I'm pretty sure that if you compress a block of bytes A, and compress a larger block B that contains A, then the compressed version of A will not, in general appear in the compressed version of B.

What I am after

in the project fsspec-reference-maker, and ReferenceFileSystem for fsspec, it is possible to refer to some block of bytes at a URL as if it were a file, and so expose the internal C-buffers of a file format like HDF5. HDF5 has internal compression of its blocks, so we just know to un-gzip after loading. Other formats compress the whole file, but I want to be able to read as little of the compressed file as possible to get the C-buffer.

So if I scan the compressed file, and know that bytes 1000-1100 (uncompressed) is the output I want, it ought to be possible to say: scan to the nearest block before byte 1000 (uncompressed), and start the gzipfile there; read X bytes of junk, then the next 100 bytes will be what you are after. Yes, gzipfile would also need some sort of header.

With some formats like bzip2, there are block markers you can find. For others like snappy, each frame tells you how big it is, so you can quickly find them all. gzip is far more common, though...

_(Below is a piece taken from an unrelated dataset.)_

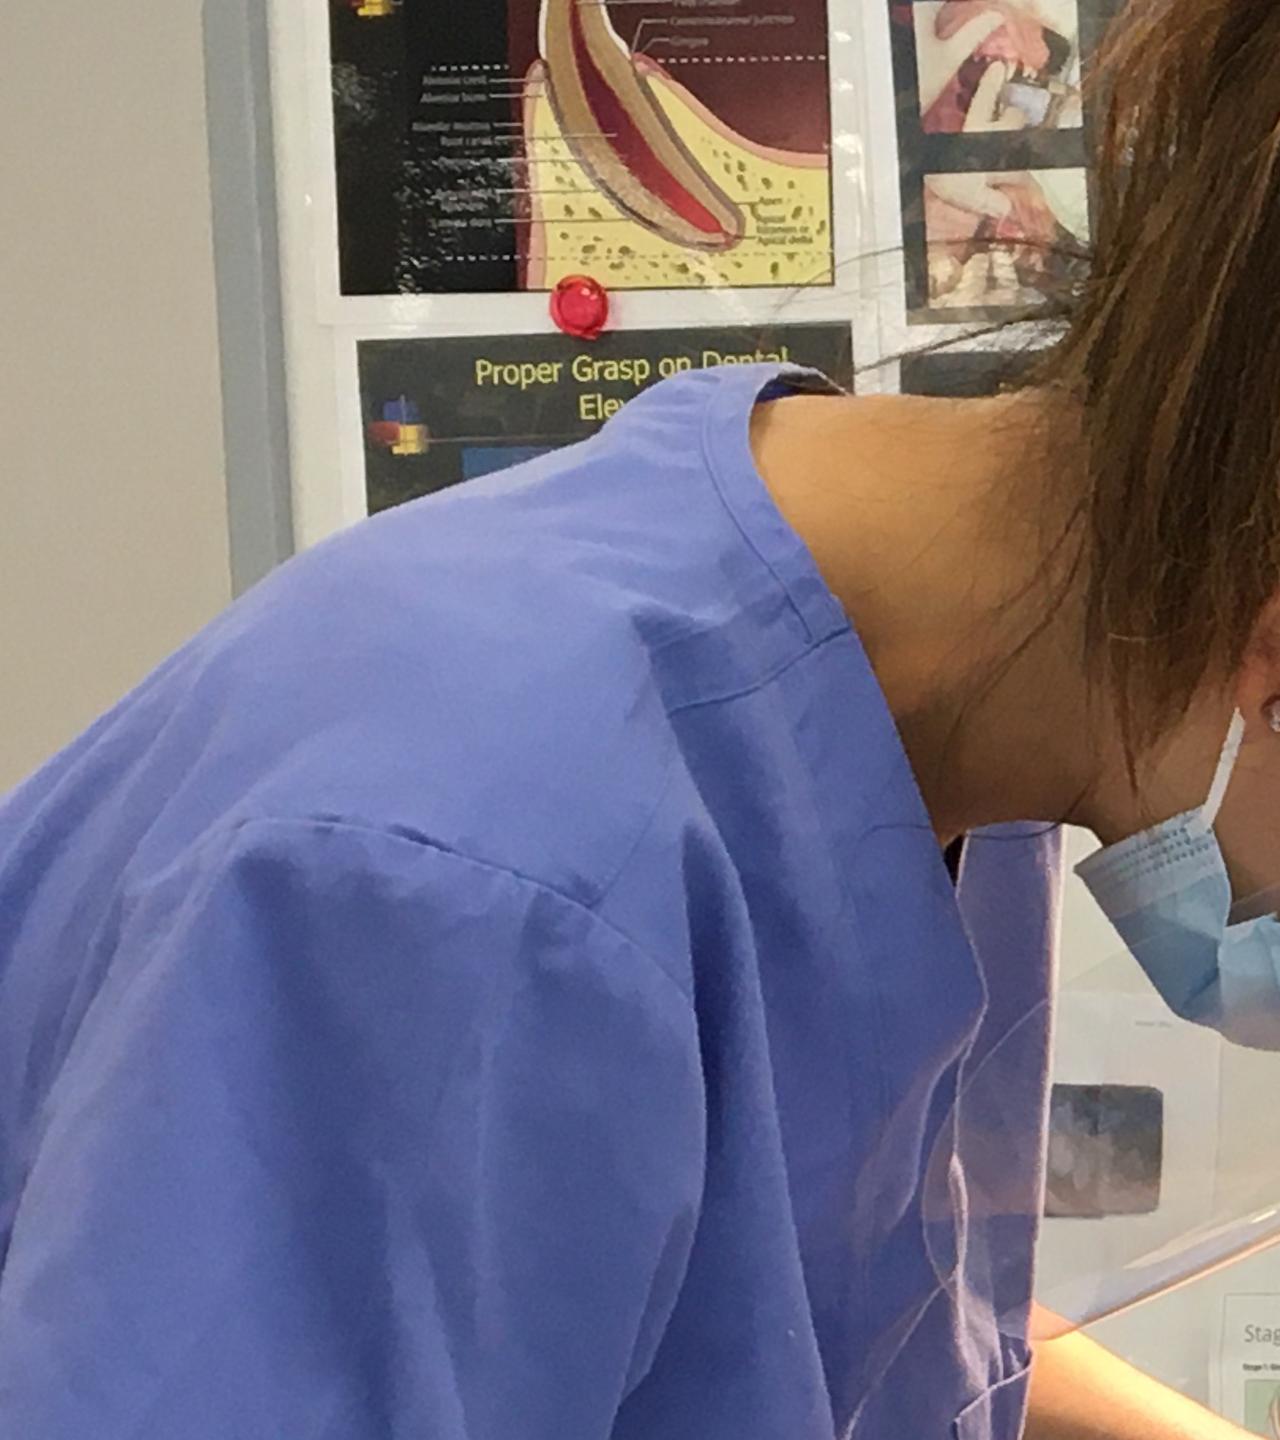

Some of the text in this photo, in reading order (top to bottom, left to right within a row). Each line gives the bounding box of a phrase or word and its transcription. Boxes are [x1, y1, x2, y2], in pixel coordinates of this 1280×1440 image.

[475, 358, 562, 390] Proper
[572, 354, 650, 385] Grasp
[658, 355, 691, 378] on

In addition to the use case I've drawn, this would also allow parallel reading of massive, compressed gzip CSV files (also very common). Right now you can't do this, because to read to a position in a gzip file is to start from the beginning and scan through every time. If we could scan just once and know where the blocks are, or have a way to start from any byte and find the next block in the stream, we would be good.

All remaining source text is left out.